• _Required work_
With the images removed, transcribe the listing that follows exactly.

• _Data_

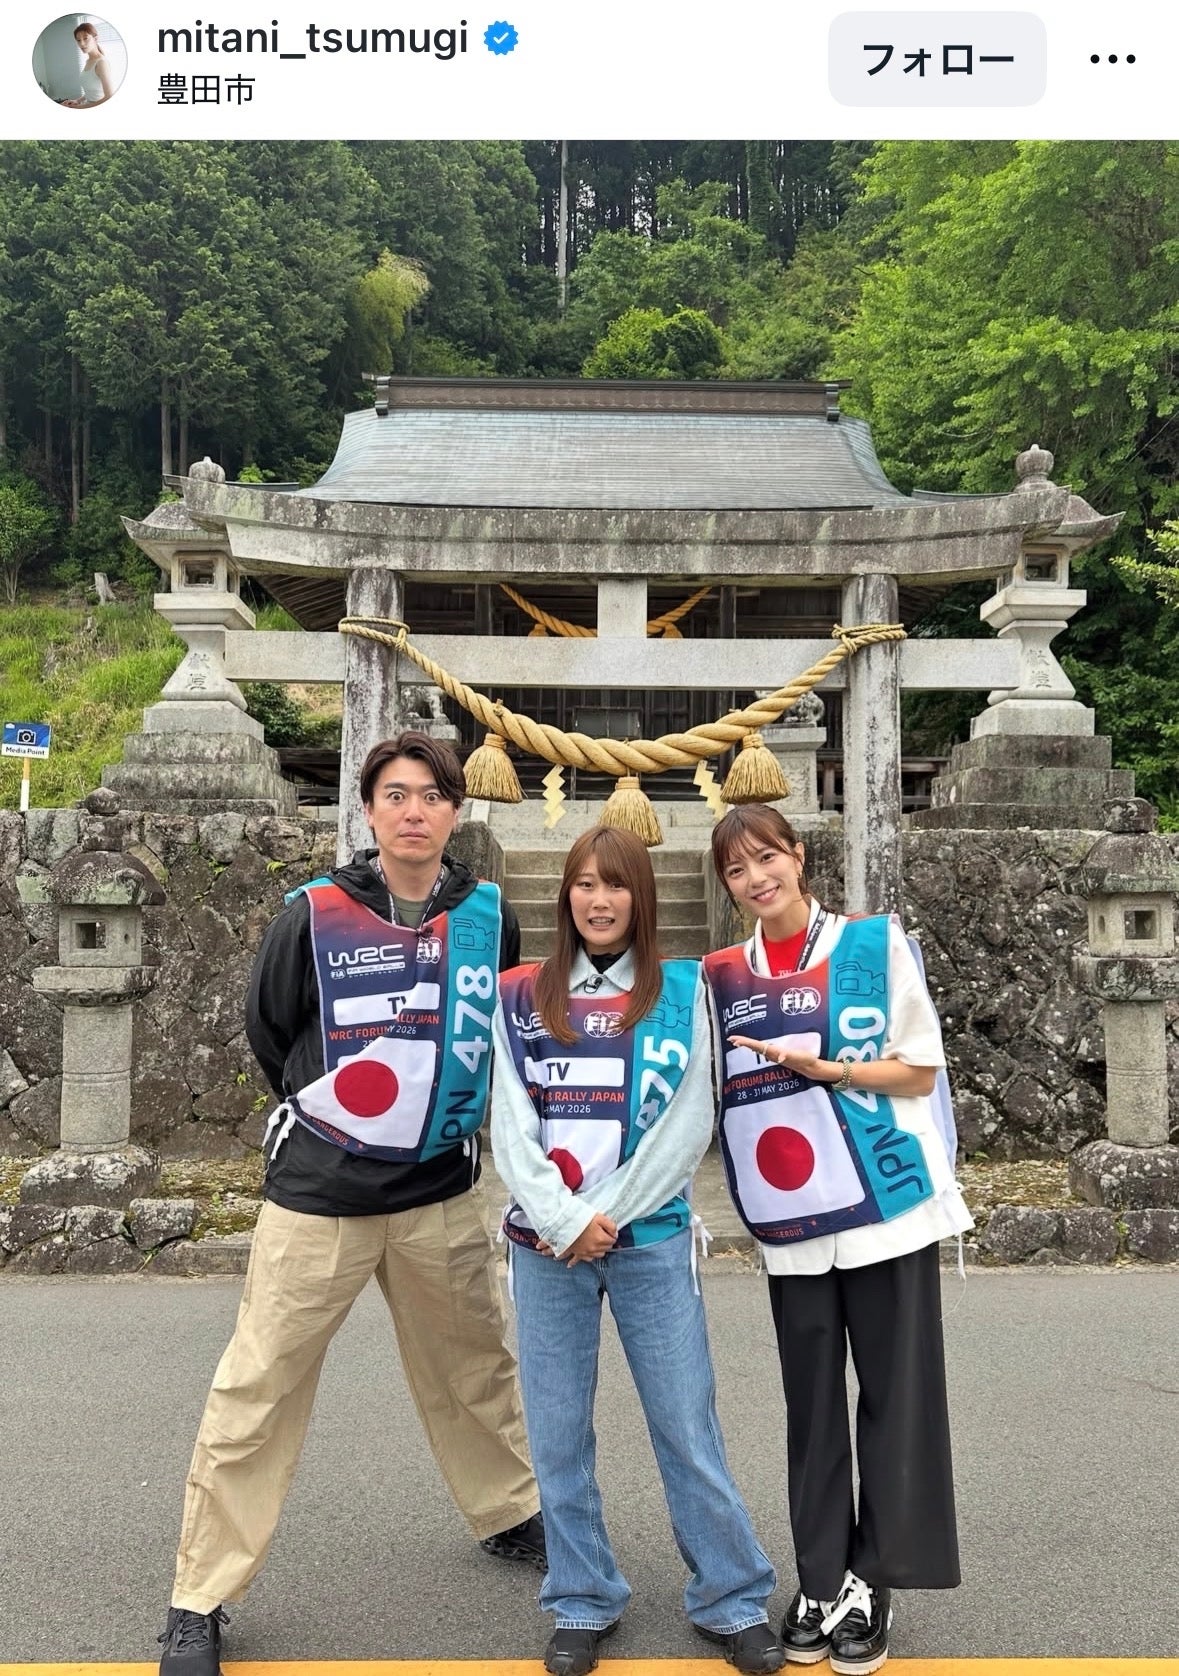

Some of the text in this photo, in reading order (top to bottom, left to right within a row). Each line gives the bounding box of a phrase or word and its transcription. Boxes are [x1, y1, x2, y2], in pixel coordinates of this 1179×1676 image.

[6, 746, 26, 754] Media
[328, 944, 404, 966] WRC
[722, 993, 767, 1023] WRC
[782, 991, 817, 1010] FIA
[452, 964, 494, 1074] 478
[329, 1029, 352, 1040] WRC
[396, 1026, 417, 1035] 2026
[546, 1062, 570, 1082] TV
[554, 1092, 588, 1102] RALLY
[589, 1092, 625, 1103] JAPAN
[736, 1090, 748, 1100] 28
[761, 1084, 776, 1096] MAY
[778, 1078, 800, 1092] 2026
[567, 1104, 591, 1113] 2026
[865, 1124, 924, 1194] JPN

• _Answer area_
Some of the text in this photo, in reading order (top to bottom, left to right within a row). Each line gives the bounding box of a phrase or word and its transcription. Boxes are [x1, y1, x2, y2], in pixel coordinates of this 1179×1676 image.

[6, 746, 26, 754] Media
[328, 944, 404, 966] WRC
[722, 993, 767, 1023] WRC
[782, 991, 817, 1010] FIA
[452, 964, 494, 1074] 478
[329, 1029, 352, 1040] WRC
[396, 1026, 417, 1035] 2026
[546, 1062, 570, 1082] TV
[554, 1092, 588, 1102] RALLY
[589, 1092, 625, 1103] JAPAN
[736, 1090, 748, 1100] 28
[761, 1084, 776, 1096] MAY
[778, 1078, 800, 1092] 2026
[567, 1104, 591, 1113] 2026
[865, 1124, 924, 1194] JPN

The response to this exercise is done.